Ogni qualvolta si hanno modificazioni della composizione dell’aria inspirata, con conseguenti variazioni delle rispettive pressioni parziali dei gas nell’aria alveolare e a livello ematico, viene informato, tramite i chemocettori o direttamente, tramite alcuni nervi cranici (vago e glossofaringeo), il centro bulbare il quale per via riflessa invia segnali lungo il midollo spinale ai centri cervicali e toracici dei nervi che raggiungono i muscoli respiratori affinchè venga modificato il respiro.

Il centro respiratorio è costituito da diversi gruppi di neuroni situati nella formazione reticolare del bulbo e del ponte.

Si distinguono in particolare quattro gruppi di neuroni:

1. un gruppo respiratorio dorsale, situato nella parte dorsale del bulbo a funzione inspiratoria,

2. un gruppo respiratorio ventrale, situato nella parte ventrolaterale del bulbo, a funzione sia inspiratoria che espiratoria,

3. il centro apneustico, situato nella parte caudale del ponte, capace di prolungare l’atto inspiratorio

4. il centro pneumotassico, situato nella parte superiore del ponte, che ha il compito di controllare la frequenza del respiro e di limitare la durata dell’inspirazione.

Il centro respiratorio è assai sensibile alle variazioni delle concentrazioni di ossigeno, anidride carbonica ed idrogenioni. In particolare un eccesso di CO2 o di idrogenioni agisce direttamente sul centro respiratorio, causando un aumento dei segnali sia stimolatori, sia inibitori.

L’O2, pur non avendo un effetto diretto sul centro, agisce sui chemocettori dei glomi aortici e carotidei, i quali inviano segnali al centro respiratorio per la regolazione del respiro.

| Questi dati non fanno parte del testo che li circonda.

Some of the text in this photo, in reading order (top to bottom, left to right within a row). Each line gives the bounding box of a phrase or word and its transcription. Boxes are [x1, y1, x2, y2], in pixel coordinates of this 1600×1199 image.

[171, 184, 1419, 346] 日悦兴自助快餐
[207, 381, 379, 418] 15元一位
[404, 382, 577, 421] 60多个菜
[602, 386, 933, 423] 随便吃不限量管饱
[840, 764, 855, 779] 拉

In realtà nessuno dei gruppi neuronali (gruppo dorsale, gruppo ventrale, centro apneustico e centro pneumotassico) menzionati è in grado di captare le variazioni di CO2 e di idrogenioni, per cui esiste un’area neuronale chemocettrice localizzata bilateralmente nel bulbo molto sensibile alle variazioni di CO2 e di idrogenioni.

I neuroni dell’area chemocettrice sono eccitati principalmente dagli idrogenioni i quali, però, non oltrepassano le barriere emato-encefalica ed emato-liquorale anche se nel liquor, in parte per la scarsità del potere tamponante, in parte per l’assenza di barriera liquor-interstizio essi agiscono rapidamente.

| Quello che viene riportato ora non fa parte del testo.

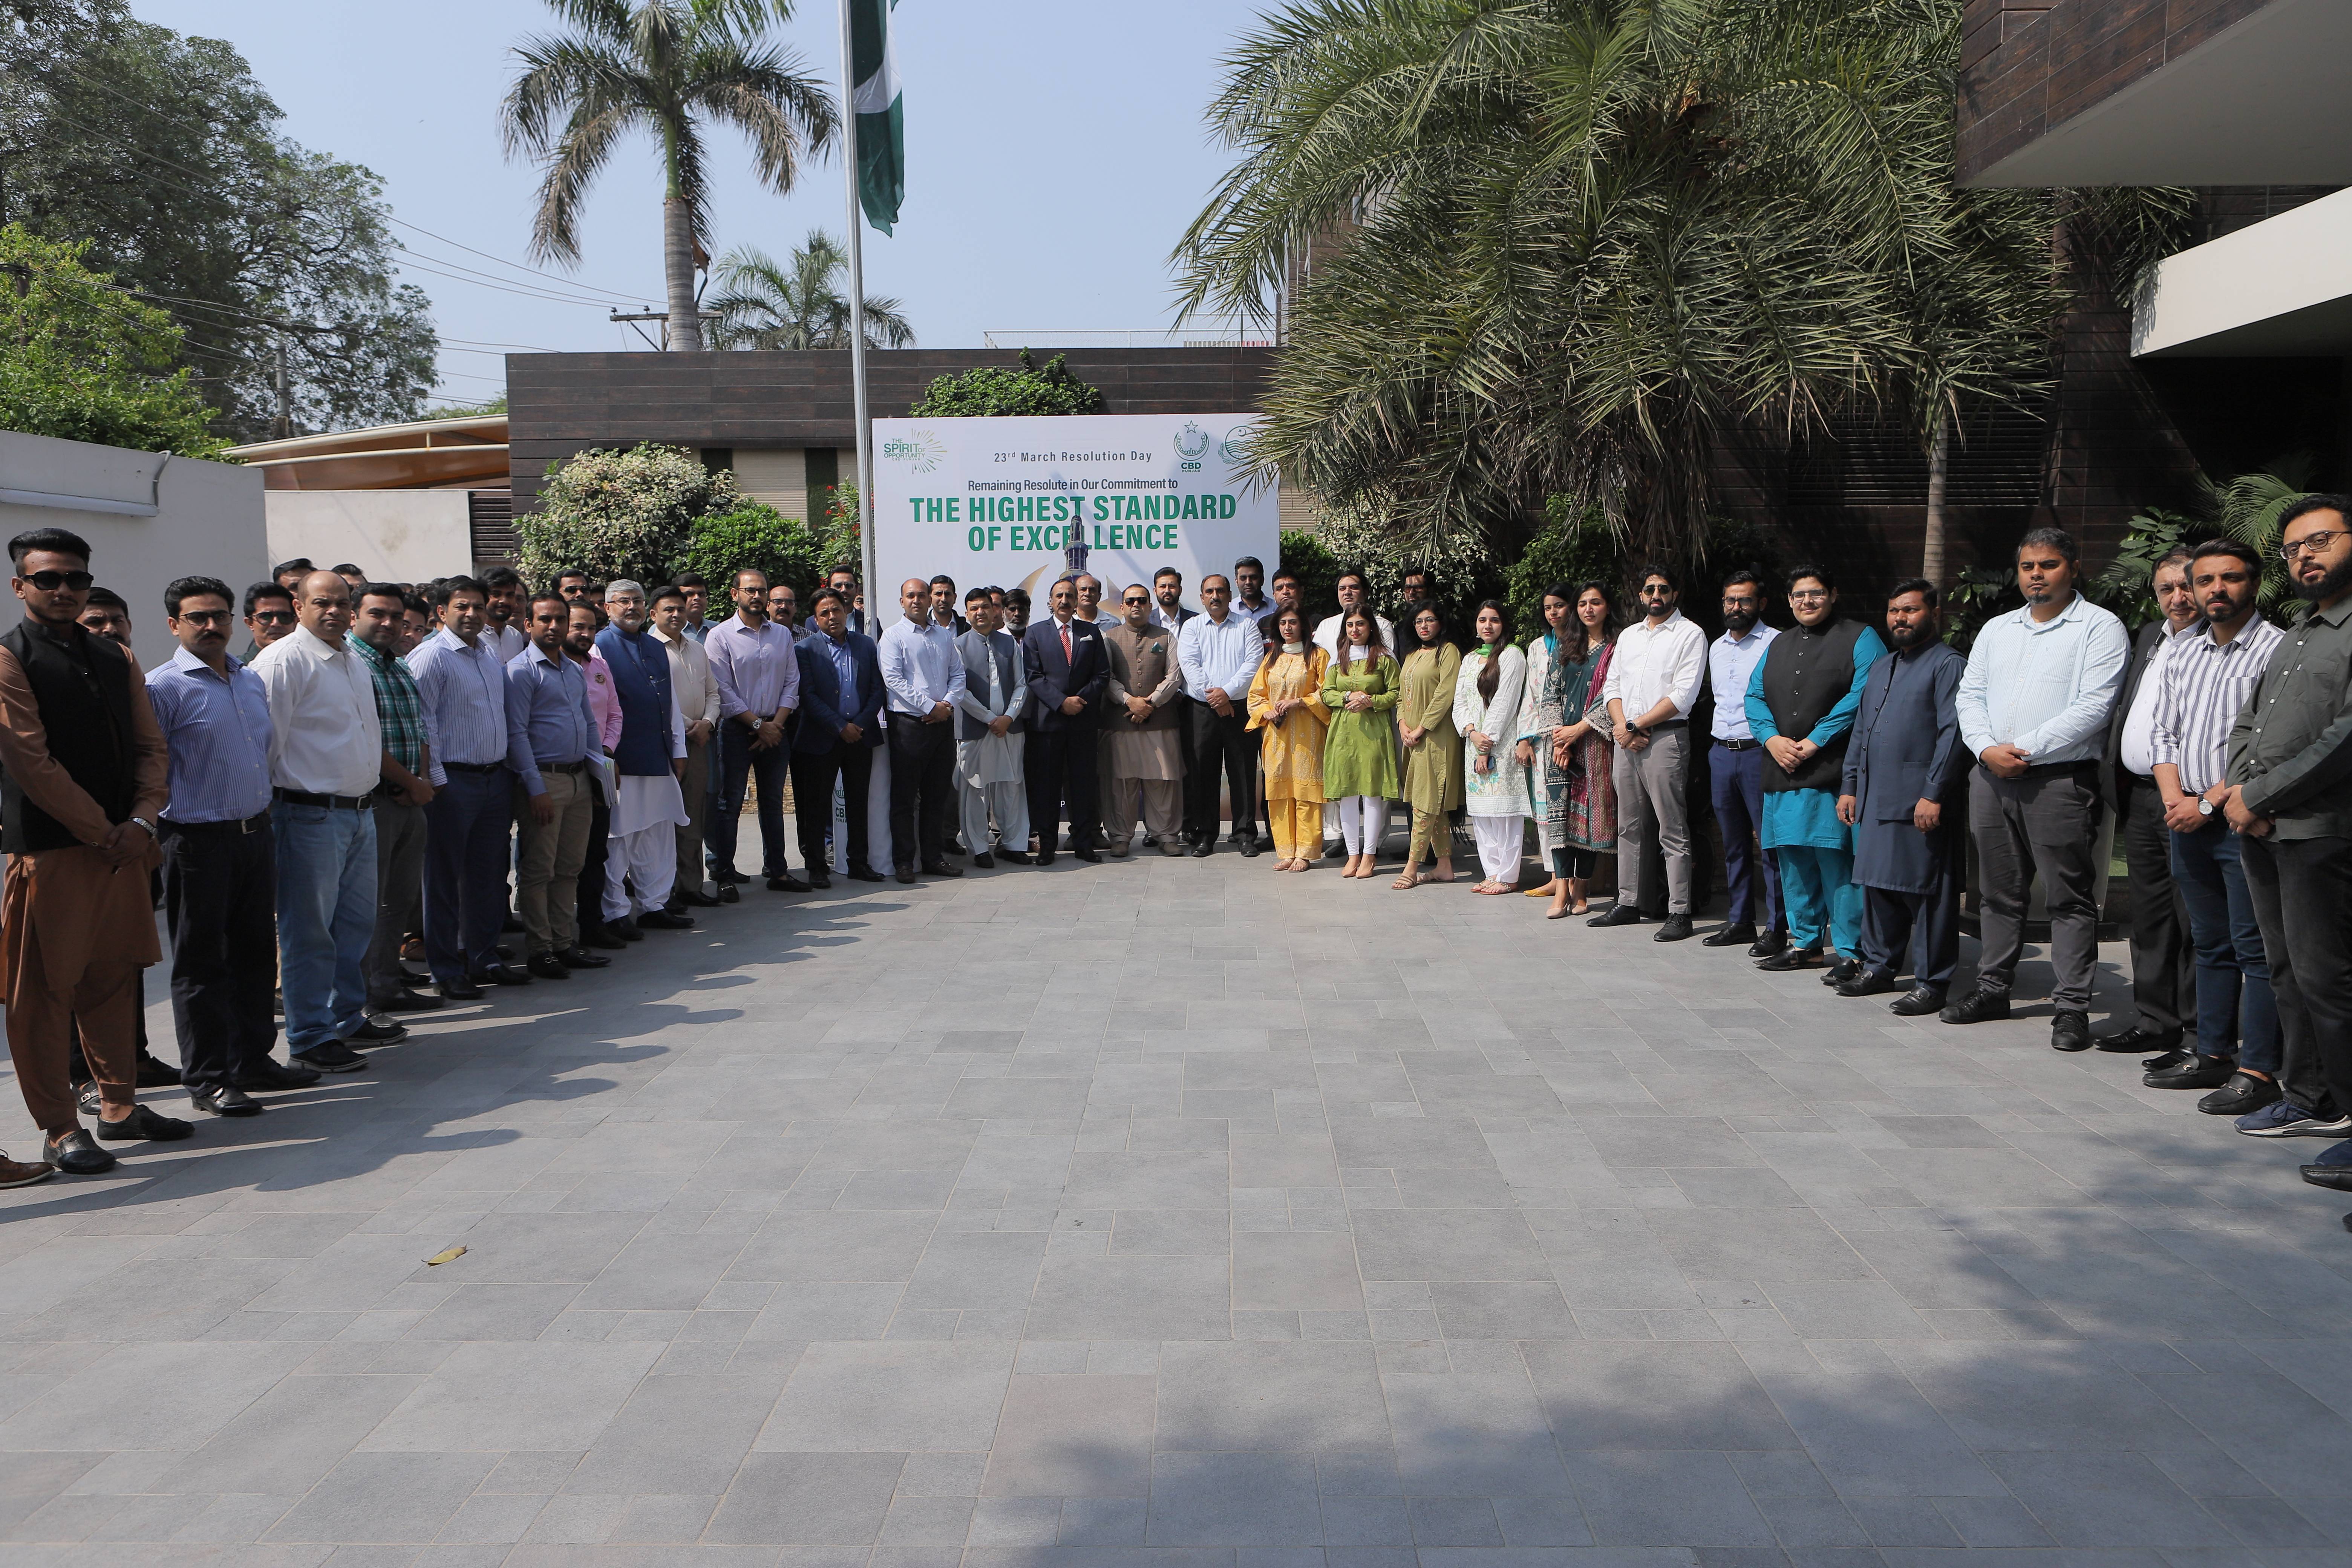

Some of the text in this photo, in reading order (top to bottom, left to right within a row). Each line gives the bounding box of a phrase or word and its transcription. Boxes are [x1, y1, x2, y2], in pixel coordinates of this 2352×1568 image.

[884, 443, 920, 453] SPIRIT
[994, 451, 1152, 462] 23rd March Resolution Day
[968, 478, 1178, 493] Remaining Resolute in Our Commitment to
[910, 495, 1236, 522] THE HIGHEST STANDARD
[968, 527, 1001, 551] OF
[836, 807, 845, 818] CB

La CO2 non agisce direttamente, ma poiché reagisce con l’acqua tissutale formando acido carbonico che si dissocia in bicarbonationi ed in idrogenioni, tramite questi ultimi esercita un potente effetto stimolatorio.

Gli idrogenioni a livello ematico, invece, vengono facilmente tamponati dai sistemi tampone del sangue, ed è questo il motivo per cui è più efficace l’aumento ematico della concentrazione di CO2 piuttosto che quello della concentrazione ematica di idrogenioni.

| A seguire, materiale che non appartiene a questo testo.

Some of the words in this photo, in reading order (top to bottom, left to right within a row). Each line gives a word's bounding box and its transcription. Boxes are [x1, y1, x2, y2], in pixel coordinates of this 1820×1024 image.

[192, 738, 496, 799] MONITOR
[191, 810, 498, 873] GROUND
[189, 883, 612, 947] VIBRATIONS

L’eccitazione del centro respiratorio da parte della CO2 èmolto efficace all’inizio, ma poi si attenua nei successivi due giorni poiché i reni aumentano la concentrazione di bicarbonati nel sangue, i quali si combinano con gli idrgenioni riducendone la concentrazione.

Le variazioni della concentrazione di O2 non hanno un effetto diretto sul centro respiratorio, ma quando la pressione parziale dell’ossigeno nel sangue arterioso scende al di sotto dei 60-70 mm Hg scattano i meccanismi periferici di controllo del respiro

Si tratta di speciali recettori, detti chemocettori, situati nei glomi aortici e carotidei, in particolare a livello dell’arco aortico e del seno carotideo, che rispondono alle variazioni di O2, CO2 e di idrogenioni e trasmettono segnali al centro respiratorio.

Questi chemocettori sono stimolati anche da concentrazioni elevate di CO2 (maggiore di 50 mm/Hg) e di idrogenioni e, anche se meno potenti, rispondono in maniera molto più rapida (5 volte più rapida) della stimolazione diretta centrale, per cui non possono essere considerati di secondaria importanza.

Per quanto riguarda le variazioni di O2, la risposta da parte del chemocettore è piuttosto debole perchècompensata dall’enorme flusso ematico e dall’effetto frenante dei meccanismi di regolazione del respiro attivati dalla pCO2 e dal pH (bassi pH esaltano il respiro, alti pH lo deprimono)

Se il flusso ematico è normale, i chemocettori non sono stimolati poiché la loro irrorazione è molto grande; se la pO2 scende al di sotto di 60 mm/Hg (a livello arterioso) vengono stimolati; se la pO2 è normale e la perfusione ridotta, come avviene nelle emorragie o nell’ipotensione, vengono stimolati.